::: Data for this exercise :::
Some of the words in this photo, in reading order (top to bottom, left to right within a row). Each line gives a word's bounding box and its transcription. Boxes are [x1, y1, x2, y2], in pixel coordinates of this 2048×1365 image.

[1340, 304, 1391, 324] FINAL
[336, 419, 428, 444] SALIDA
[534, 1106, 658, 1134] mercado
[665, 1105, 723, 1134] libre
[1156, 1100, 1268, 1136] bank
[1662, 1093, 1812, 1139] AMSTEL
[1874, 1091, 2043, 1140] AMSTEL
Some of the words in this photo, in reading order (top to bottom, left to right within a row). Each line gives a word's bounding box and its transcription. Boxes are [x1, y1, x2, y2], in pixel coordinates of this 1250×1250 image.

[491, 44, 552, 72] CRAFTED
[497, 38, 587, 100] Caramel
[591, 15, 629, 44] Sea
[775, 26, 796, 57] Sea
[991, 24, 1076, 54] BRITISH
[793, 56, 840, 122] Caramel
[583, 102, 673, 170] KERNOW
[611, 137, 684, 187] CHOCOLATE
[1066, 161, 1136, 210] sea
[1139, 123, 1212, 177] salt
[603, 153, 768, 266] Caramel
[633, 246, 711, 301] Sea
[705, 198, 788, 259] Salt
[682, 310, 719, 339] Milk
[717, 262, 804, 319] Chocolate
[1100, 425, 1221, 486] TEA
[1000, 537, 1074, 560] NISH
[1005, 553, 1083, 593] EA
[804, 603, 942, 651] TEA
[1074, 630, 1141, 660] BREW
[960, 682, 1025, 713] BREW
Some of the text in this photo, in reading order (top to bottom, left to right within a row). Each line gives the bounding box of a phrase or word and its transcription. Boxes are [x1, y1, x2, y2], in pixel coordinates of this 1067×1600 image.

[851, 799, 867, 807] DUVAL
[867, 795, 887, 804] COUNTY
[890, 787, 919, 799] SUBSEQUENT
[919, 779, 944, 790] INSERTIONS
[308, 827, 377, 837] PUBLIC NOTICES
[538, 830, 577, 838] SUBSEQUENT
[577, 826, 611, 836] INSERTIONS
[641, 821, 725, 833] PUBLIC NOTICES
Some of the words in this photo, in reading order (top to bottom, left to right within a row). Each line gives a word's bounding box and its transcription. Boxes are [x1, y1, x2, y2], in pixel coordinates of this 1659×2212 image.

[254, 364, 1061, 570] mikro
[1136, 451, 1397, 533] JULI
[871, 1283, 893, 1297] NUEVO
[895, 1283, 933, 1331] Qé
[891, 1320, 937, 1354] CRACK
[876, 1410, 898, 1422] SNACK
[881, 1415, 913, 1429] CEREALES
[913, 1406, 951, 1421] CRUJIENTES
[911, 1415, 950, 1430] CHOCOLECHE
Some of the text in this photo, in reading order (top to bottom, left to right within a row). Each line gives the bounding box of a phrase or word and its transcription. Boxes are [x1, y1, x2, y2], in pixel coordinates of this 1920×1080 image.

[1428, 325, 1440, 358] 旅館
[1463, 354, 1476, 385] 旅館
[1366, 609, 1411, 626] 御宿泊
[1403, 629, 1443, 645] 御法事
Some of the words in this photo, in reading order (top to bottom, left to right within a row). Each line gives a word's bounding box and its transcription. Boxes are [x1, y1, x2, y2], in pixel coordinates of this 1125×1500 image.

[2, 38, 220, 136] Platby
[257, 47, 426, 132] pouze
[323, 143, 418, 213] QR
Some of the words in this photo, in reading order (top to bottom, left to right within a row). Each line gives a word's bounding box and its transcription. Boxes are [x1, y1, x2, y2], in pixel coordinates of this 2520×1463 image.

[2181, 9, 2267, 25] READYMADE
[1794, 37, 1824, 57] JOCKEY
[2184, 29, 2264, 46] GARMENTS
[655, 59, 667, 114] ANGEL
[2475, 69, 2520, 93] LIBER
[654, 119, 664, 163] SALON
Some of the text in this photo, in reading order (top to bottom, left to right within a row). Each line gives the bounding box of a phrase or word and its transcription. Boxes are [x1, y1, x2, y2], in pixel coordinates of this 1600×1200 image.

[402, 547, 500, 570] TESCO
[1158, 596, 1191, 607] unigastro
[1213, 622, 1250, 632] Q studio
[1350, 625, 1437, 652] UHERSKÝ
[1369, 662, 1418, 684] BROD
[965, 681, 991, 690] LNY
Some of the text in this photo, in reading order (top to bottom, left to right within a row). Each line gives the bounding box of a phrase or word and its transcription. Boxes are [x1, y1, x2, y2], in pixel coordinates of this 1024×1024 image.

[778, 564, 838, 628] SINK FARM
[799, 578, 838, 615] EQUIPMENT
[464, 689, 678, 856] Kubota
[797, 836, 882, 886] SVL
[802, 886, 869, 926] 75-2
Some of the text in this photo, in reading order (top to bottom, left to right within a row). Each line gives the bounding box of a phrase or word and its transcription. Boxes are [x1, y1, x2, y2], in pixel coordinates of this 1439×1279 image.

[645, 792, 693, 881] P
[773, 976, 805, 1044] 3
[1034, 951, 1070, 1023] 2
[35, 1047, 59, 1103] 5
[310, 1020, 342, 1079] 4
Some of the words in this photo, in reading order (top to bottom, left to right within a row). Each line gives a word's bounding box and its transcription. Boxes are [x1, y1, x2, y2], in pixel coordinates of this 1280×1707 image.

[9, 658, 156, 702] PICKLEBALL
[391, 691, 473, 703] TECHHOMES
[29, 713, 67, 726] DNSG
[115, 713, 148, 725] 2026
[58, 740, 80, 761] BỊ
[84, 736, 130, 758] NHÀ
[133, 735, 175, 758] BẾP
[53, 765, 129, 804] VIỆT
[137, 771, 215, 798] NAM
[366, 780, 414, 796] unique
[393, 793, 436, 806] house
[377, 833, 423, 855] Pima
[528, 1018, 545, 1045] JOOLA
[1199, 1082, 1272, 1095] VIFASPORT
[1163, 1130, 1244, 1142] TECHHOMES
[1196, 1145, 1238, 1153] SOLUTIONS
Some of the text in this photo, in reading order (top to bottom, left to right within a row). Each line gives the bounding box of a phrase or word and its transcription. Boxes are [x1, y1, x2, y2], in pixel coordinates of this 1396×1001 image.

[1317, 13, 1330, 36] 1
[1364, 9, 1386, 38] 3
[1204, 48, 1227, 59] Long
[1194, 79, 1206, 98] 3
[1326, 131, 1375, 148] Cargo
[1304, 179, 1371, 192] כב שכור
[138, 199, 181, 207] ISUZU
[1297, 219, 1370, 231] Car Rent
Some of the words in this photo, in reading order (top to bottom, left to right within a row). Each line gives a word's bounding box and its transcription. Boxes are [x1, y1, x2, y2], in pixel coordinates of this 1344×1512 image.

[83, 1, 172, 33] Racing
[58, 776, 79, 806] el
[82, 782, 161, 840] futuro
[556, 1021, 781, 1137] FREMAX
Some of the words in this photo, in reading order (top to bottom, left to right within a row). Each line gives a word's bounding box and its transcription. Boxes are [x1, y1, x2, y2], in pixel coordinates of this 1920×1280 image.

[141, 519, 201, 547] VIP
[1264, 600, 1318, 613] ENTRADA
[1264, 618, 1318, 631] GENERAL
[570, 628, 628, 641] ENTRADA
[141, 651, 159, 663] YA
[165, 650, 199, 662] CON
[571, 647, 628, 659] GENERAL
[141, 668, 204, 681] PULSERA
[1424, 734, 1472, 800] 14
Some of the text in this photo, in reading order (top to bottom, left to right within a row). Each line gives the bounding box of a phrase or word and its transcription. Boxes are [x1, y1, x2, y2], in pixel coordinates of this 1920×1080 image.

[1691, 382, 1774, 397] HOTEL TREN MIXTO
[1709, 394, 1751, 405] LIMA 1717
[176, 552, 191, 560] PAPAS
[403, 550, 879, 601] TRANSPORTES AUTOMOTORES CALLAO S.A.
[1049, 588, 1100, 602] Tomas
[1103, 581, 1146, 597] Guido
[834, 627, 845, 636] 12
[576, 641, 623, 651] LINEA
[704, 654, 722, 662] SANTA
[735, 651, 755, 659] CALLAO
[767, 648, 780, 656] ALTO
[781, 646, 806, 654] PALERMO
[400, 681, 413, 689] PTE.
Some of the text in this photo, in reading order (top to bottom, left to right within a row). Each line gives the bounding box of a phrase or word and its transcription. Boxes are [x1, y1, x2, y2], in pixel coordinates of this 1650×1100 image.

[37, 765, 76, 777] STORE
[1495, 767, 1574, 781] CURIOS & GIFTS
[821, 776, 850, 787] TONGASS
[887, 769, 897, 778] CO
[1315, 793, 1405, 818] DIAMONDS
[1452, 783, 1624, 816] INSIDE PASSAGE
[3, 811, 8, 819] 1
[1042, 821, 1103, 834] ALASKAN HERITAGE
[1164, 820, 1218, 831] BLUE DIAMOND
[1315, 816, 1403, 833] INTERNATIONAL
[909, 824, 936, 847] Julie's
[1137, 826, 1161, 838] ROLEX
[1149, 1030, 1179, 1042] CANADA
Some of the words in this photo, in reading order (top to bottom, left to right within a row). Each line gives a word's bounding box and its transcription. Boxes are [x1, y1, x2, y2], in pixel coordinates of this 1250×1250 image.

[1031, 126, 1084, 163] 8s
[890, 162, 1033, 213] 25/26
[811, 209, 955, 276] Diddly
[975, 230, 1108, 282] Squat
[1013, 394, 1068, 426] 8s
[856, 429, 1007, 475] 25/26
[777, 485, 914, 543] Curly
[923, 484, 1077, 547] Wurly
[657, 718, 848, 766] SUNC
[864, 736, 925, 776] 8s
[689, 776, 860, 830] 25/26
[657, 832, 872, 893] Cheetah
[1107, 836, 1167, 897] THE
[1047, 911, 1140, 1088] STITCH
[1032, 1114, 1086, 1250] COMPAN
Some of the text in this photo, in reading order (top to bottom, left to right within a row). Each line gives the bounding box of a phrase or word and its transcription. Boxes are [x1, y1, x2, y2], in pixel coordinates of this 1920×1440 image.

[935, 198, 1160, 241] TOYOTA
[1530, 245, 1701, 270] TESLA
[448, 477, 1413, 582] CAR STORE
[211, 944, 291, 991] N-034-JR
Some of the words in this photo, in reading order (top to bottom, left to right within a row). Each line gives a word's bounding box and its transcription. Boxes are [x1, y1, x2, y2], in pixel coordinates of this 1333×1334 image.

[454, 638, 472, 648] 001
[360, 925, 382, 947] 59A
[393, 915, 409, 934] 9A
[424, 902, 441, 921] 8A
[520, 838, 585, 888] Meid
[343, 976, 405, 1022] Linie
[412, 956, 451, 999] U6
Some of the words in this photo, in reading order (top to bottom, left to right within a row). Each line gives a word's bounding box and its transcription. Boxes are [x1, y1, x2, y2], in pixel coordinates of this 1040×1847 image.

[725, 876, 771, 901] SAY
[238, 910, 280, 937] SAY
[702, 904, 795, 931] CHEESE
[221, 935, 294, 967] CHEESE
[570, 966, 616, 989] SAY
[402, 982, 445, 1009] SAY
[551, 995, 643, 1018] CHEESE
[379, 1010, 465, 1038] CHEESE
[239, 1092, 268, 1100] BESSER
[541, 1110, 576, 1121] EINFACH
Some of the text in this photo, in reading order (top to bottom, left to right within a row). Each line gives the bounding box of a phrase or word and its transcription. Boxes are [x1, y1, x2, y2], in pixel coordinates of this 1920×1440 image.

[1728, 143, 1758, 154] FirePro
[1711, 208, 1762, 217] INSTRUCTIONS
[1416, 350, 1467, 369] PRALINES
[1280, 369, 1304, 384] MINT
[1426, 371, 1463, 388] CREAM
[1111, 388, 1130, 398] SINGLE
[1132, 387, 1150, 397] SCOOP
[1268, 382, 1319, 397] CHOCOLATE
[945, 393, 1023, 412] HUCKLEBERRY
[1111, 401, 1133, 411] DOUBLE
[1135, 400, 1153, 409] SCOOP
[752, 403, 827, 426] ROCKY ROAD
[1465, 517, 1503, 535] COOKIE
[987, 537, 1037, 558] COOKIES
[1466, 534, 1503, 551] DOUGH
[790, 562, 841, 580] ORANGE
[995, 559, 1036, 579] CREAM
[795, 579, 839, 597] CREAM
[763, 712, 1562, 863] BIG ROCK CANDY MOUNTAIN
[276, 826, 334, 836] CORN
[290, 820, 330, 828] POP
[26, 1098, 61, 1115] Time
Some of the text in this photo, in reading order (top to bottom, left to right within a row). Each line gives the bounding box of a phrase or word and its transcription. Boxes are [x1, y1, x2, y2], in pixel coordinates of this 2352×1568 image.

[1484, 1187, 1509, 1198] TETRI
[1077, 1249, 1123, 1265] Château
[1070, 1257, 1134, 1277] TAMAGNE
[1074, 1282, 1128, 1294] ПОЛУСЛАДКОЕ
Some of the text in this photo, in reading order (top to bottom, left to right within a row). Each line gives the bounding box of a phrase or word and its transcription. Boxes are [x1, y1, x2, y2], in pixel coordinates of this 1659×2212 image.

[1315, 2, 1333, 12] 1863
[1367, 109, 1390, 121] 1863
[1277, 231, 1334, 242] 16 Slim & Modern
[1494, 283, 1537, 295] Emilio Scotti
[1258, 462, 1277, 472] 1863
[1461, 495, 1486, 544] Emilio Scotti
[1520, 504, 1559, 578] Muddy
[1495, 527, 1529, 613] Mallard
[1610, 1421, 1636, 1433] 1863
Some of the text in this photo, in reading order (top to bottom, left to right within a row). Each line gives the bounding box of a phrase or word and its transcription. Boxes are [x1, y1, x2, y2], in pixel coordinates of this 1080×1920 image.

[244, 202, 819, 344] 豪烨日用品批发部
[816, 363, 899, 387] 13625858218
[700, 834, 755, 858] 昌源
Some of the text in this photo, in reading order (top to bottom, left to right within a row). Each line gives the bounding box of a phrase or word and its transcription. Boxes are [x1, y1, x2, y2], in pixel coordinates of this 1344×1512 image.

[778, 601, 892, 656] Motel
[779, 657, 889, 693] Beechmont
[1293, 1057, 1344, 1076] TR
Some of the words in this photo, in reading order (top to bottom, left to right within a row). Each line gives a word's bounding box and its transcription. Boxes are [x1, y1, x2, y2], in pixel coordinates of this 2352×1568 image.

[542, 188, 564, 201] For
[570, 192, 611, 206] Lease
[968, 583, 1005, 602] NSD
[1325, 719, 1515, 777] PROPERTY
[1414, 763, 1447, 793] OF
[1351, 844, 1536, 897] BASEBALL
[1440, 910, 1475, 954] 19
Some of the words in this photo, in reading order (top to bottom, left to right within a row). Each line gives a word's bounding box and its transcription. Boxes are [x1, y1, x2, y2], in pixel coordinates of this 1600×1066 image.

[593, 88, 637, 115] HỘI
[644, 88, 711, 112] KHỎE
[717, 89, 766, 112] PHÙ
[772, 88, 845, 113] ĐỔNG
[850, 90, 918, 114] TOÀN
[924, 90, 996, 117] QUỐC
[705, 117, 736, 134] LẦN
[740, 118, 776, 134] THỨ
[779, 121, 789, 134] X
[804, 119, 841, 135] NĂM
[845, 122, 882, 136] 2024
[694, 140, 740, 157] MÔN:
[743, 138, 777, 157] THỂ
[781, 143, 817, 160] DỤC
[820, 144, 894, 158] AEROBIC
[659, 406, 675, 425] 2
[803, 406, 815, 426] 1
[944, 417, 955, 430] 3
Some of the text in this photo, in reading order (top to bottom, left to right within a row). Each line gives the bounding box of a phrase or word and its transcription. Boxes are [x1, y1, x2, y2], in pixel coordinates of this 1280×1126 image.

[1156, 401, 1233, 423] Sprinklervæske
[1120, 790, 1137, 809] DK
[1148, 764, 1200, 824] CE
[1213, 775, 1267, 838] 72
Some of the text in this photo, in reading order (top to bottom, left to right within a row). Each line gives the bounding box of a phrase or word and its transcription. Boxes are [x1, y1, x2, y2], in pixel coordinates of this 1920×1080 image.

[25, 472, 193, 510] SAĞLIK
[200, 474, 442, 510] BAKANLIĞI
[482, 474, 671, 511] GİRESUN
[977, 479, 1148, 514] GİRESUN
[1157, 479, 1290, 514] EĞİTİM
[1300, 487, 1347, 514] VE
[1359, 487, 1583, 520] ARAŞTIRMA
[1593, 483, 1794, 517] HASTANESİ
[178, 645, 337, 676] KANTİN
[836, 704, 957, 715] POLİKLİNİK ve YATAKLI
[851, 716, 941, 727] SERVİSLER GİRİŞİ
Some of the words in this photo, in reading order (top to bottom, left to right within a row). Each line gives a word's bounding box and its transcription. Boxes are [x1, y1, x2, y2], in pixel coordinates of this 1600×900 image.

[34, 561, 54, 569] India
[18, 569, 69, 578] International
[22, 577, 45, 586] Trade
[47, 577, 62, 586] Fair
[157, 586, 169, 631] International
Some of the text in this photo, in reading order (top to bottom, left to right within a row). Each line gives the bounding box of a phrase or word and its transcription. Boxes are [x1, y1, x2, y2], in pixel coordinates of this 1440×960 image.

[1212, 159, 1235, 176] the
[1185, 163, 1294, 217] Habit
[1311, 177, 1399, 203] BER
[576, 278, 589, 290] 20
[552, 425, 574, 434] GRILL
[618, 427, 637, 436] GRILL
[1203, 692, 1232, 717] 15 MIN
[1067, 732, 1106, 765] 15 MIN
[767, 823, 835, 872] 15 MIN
:::
▶ _What the exercise asks_:
The line containing "this 1600×900 image." opens the range, and the last line of the entries closes it; copy that range exactly.

▶ _Solved problem_:
Some of the words in this photo, in reading order (top to bottom, left to right within a row). Each line gives a word's bounding box and its transcription. Boxes are [x1, y1, x2, y2], in pixel coordinates of this 1600×900 image.

[34, 561, 54, 569] India
[18, 569, 69, 578] International
[22, 577, 45, 586] Trade
[47, 577, 62, 586] Fair
[157, 586, 169, 631] International
Some of the text in this photo, in reading order (top to bottom, left to right within a row). Each line gives the bounding box of a phrase or word and its transcription. Boxes are [x1, y1, x2, y2], in pixel coordinates of this 1440×960 image.

[1212, 159, 1235, 176] the
[1185, 163, 1294, 217] Habit
[1311, 177, 1399, 203] BER
[576, 278, 589, 290] 20
[552, 425, 574, 434] GRILL
[618, 427, 637, 436] GRILL
[1203, 692, 1232, 717] 15 MIN
[1067, 732, 1106, 765] 15 MIN
[767, 823, 835, 872] 15 MIN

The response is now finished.